WORK ORDER: Each line of the data has to be transcribed exactly.

(Records drawn from a dataset)
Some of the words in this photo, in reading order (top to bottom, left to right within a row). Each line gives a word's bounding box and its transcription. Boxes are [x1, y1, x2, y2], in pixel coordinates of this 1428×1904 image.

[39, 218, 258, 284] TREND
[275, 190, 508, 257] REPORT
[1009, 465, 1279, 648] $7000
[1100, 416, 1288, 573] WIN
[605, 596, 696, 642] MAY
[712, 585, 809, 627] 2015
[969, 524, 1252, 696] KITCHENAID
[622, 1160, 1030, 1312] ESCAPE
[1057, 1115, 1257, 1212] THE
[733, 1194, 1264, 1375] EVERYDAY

ANSWER BELOW:
Some of the words in this photo, in reading order (top to bottom, left to right within a row). Each line gives a word's bounding box and its transcription. Boxes are [x1, y1, x2, y2], in pixel coordinates of this 1428×1904 image.

[39, 218, 258, 284] TREND
[275, 190, 508, 257] REPORT
[1009, 465, 1279, 648] $7000
[1100, 416, 1288, 573] WIN
[605, 596, 696, 642] MAY
[712, 585, 809, 627] 2015
[969, 524, 1252, 696] KITCHENAID
[622, 1160, 1030, 1312] ESCAPE
[1057, 1115, 1257, 1212] THE
[733, 1194, 1264, 1375] EVERYDAY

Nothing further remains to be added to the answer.